I’m wearing a sweater I made in January 2003. I know the date because I found my project notes in a tiny hand-bound book my sister Pam gave me, from the days before Ravelry, when we tracked our projects in notebooks and trusted ourselves to remember the rest.
The pattern was Jean Moss’s Mao Jacket Ming, from Vogue Knitting Fall 1999. In the magazine it was red, with black I-cord trim at the collar and cuffs, and frog closures made from the same I-cord. The design featured one of those stand-up collars that look fabulous on women with swan-like necks. I am not a woman with a swan-like neck. I changed everything. Cardigan became pullover. Collar removed. Broken rib at the cuffs and hem. The only thing I kept was the stitch pattern; a trellis of diamond shapes made from single stitch cable crosses, with knit and purl patterns nestled inside some of the diamonds like small gifts. Gansey stitches, mostly, but a few with tiny cables. It was fun to knit. There was always something happening on my needles. That’s what kept me at it.



The yarn was Rowan Classic Tweed. I had 500 grams and used nearly all of it. Maybe ten to twelve grams left over. I wound the remainder into a butterfly and set it aside for mending, not knowing I wouldn’t need it for twenty years. Can I find it now? Of course not. But I know it’s somewhere. I wouldn’t have thrown it away.
This is the thing about knitters. Hand us a small butterfly of yarn from a decades-old project and we know exactly what the project was. Not just the technical details; the needle size, the gauge, the construction. But where we were when we knit it. How we felt. The decisions we made. A butterfly of yarn is a flood of memory in twelve grams of wool.

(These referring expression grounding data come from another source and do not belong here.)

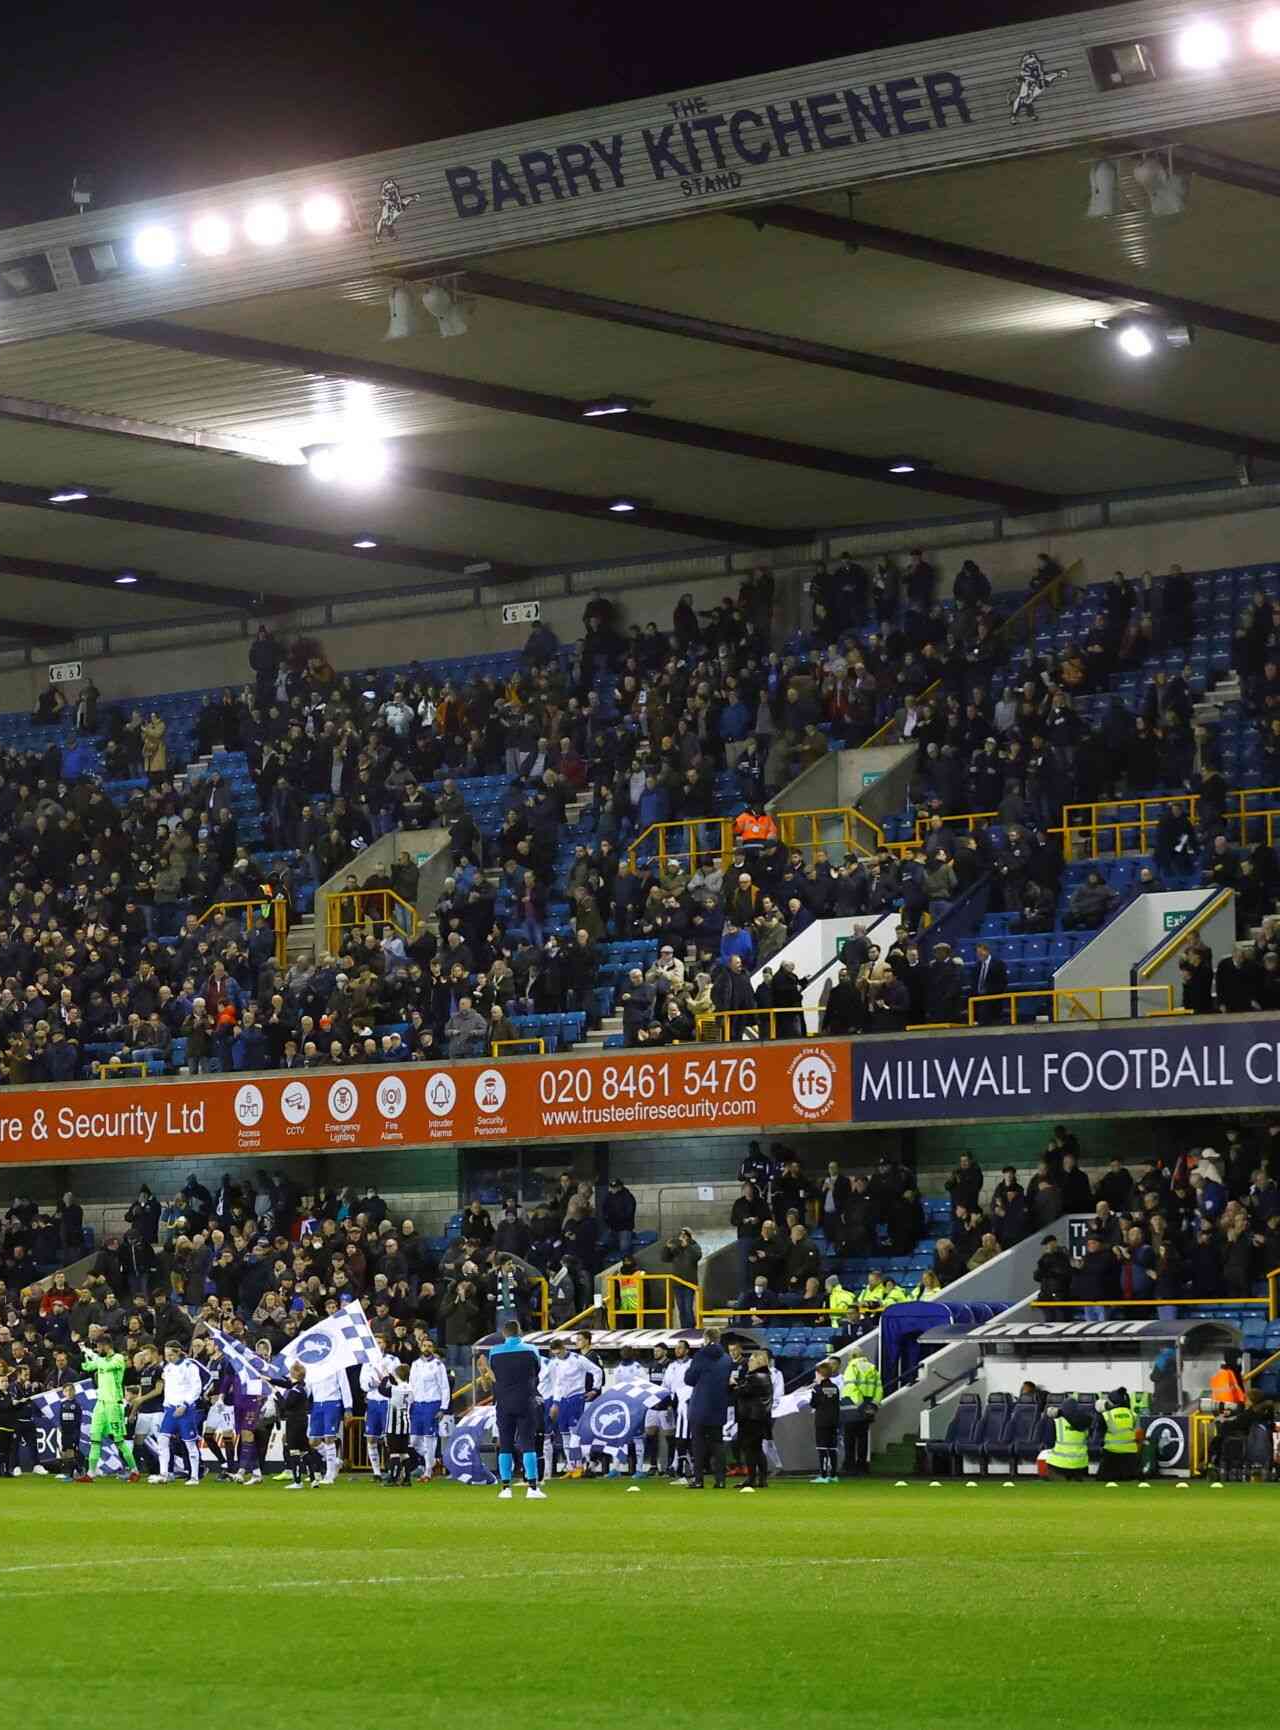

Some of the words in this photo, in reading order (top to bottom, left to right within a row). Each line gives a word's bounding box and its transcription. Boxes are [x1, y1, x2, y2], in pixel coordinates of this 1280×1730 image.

[667, 97, 708, 119] THE
[445, 135, 626, 219] BARRY
[641, 71, 972, 181] KITCHENER
[680, 171, 742, 198] STAND
[861, 1055, 1031, 1101] MILLWALL
[1044, 1045, 1233, 1093] FOOTBALL
[540, 1069, 592, 1105] 020
[602, 1063, 670, 1099] 8461
[683, 1057, 757, 1093] 5476
[798, 1070, 828, 1096] tfs
[542, 1099, 756, 1126] www.trusteefiresecurity.com
[30, 1108, 48, 1139] &
[57, 1103, 158, 1142] Security
[166, 1101, 205, 1134] Ltd
[385, 1121, 398, 1131] Fire
[428, 1119, 454, 1129] Intruder
[478, 1116, 504, 1127] Security
[238, 1129, 260, 1137] Access
[286, 1126, 305, 1136] CCTV
[324, 1123, 361, 1134] Emergency
[430, 1128, 453, 1138] Alarms
[474, 1125, 508, 1136] Personnel
[330, 1133, 355, 1144] Lighting
[380, 1132, 404, 1141] Alarms
[238, 1138, 260, 1148] Control
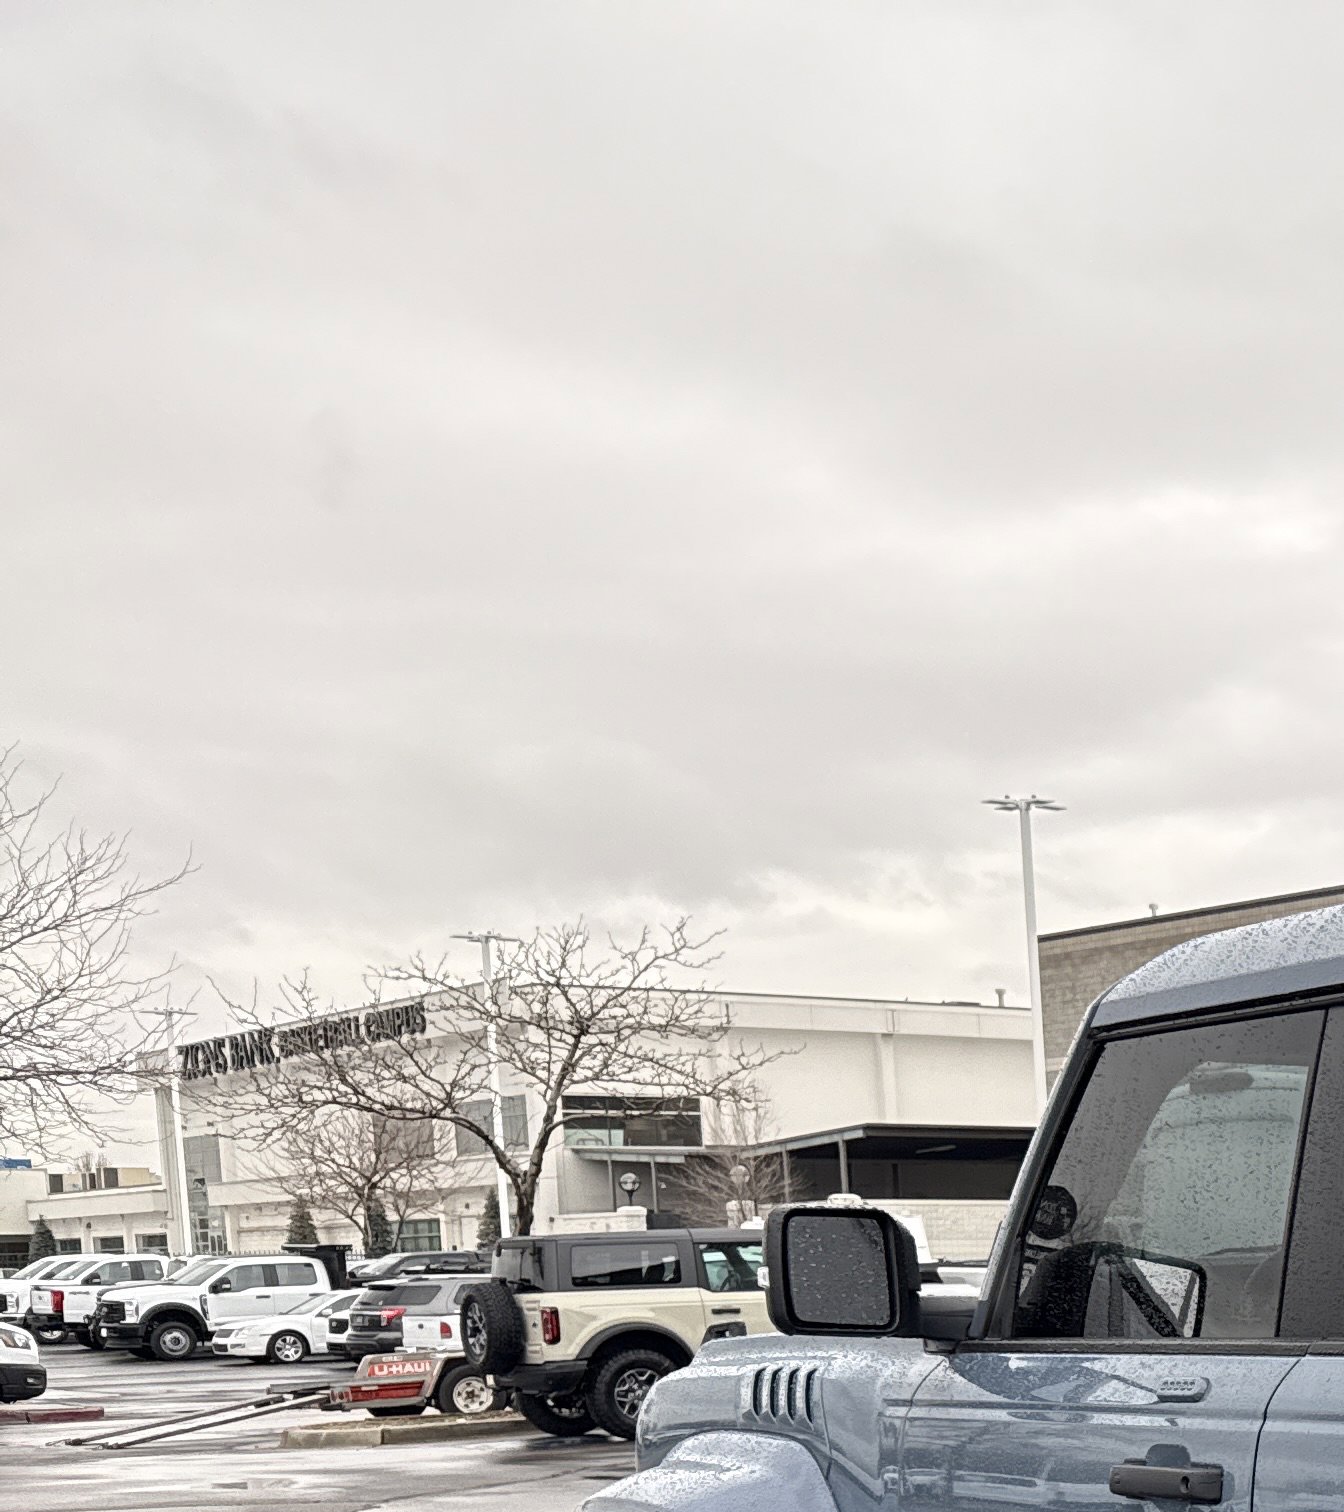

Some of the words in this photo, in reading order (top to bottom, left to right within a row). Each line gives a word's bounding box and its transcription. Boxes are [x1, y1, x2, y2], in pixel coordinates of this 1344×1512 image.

[176, 1037, 229, 1081] ZIONS
[278, 1014, 364, 1059] BASKETBALL
[364, 1001, 427, 1044] CAMPUS
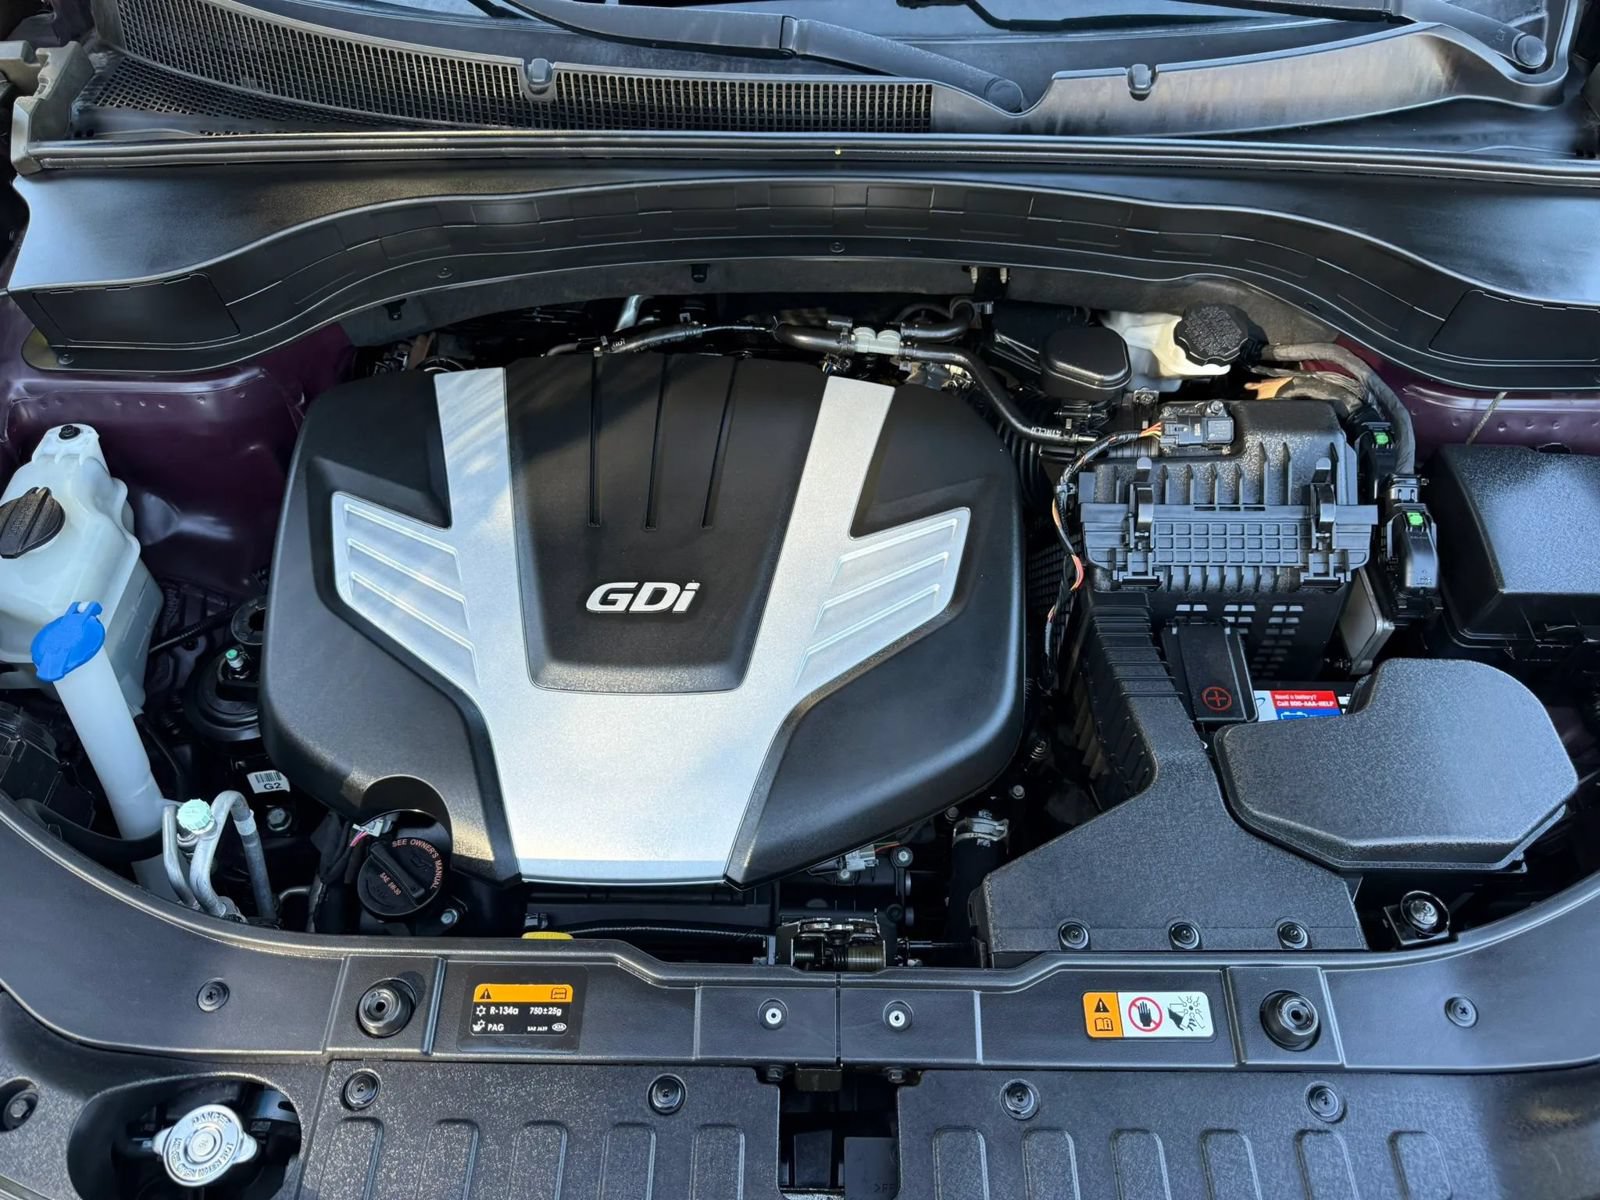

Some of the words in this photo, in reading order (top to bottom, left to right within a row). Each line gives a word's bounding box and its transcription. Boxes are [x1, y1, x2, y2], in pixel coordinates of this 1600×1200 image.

[586, 580, 700, 613] GDi
[264, 782, 282, 790] G2
[392, 839, 408, 848] SEE
[410, 839, 439, 859] OWNER'S
[431, 859, 443, 890] MANUAL
[489, 1006, 519, 1015] R-134a
[529, 1006, 562, 1016] 750±25g
[487, 1023, 504, 1032] PAG
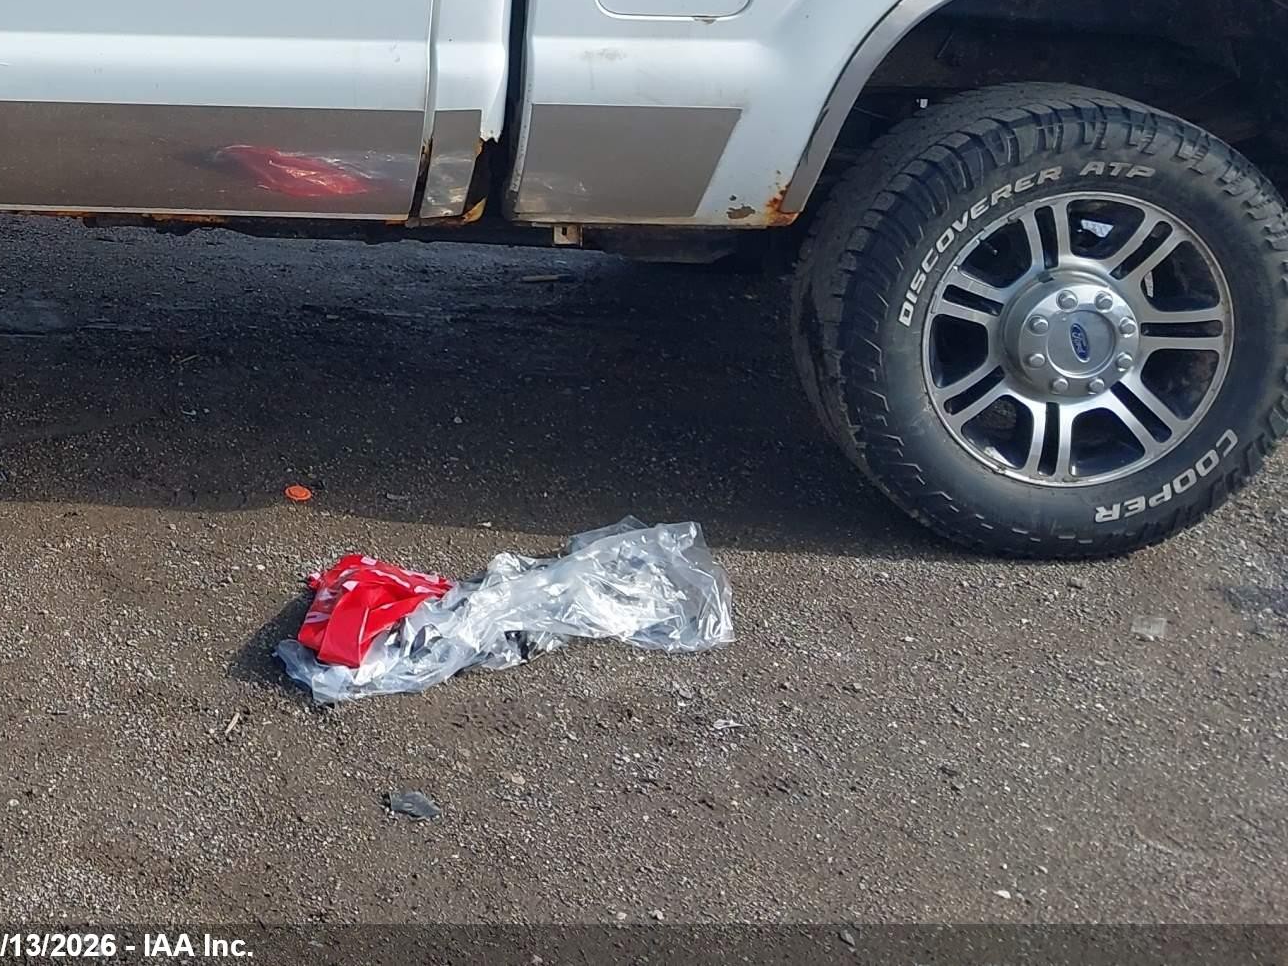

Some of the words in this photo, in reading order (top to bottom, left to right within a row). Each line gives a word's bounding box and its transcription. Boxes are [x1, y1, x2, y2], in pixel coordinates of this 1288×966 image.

[898, 165, 1063, 328] DISCOVERER
[1079, 161, 1156, 180] ATP
[1094, 428, 1239, 523] COOPER

The fit of the completed garment is not great. It was early days in my sweater knitting career; maybe my sixth or seventh. I was still learning about shaping. The sweater is boxy, because it was the nineties and everything was boxy. The sleeves are a little too short. The neck is a little too wide and back neck should be deeper; the back of the sweater rides up and I hate that about it. But it’s behind me, so I don’t look. I just don’t look at it. Nobody notices the fit except me. Probably.
A yarn shop owner I knew once had an answer for knitters who came in complaining about yarn pilling. “That’s just the goodness coming out.” The goodness came out of my sweater a long time ago. What’s left is a soft fabric that feels thin. The wool has lost its loft. Tonia told me the elbows are wearing through. I took her word for it; I didn’t check. I should have checked. She’s right. They’re threadbare. Not holed yet, but close.
The cuffs went first. The bind-off came out of both sleeves. Without that elusive butterfly, I ordered yarn online that looked close enough. It isn’t really. A warmer grey. Not horrible, but not a match. I ran a thin circular needle through the stitches, clipped the yarn, unpicked a round, and knit new ribbing downward, adding the inch of length the sleeves have always needed. Mending as improvement. I’ll take it.



I still wear it. It’s one of the sweaters I reach for most often. Comfortable in that way old sweaters become comfortable. Like friends who’ve stopped trying to impress you. Now that I’ve actually looked at the elbows, I can see it’s become shabby, and it’s only going to get shabbier. I’ve known this was coming all winter. Ever since it went at the cuffs. I’ve been thinking about its successor.
Three questions I ask at the planning stages of every garment. What do I need? A wardrobe staple, solid colour, DK weight wool. What do I want to wear? Comfort. Something that I reach for as often as I reach for this one. Perhaps a tad less “I live in Welsh farm country,” with a soupćon of effortless chic. What do I want to make? Something fun. An interesting stitch pattern. Or maybe a really cool architectural shape. Top down this time, so I can replace the cuffs when the goodness starts coming out again.
And a storage system for important butterflies of yarn. Twenty years is too long to keep track of leftovers.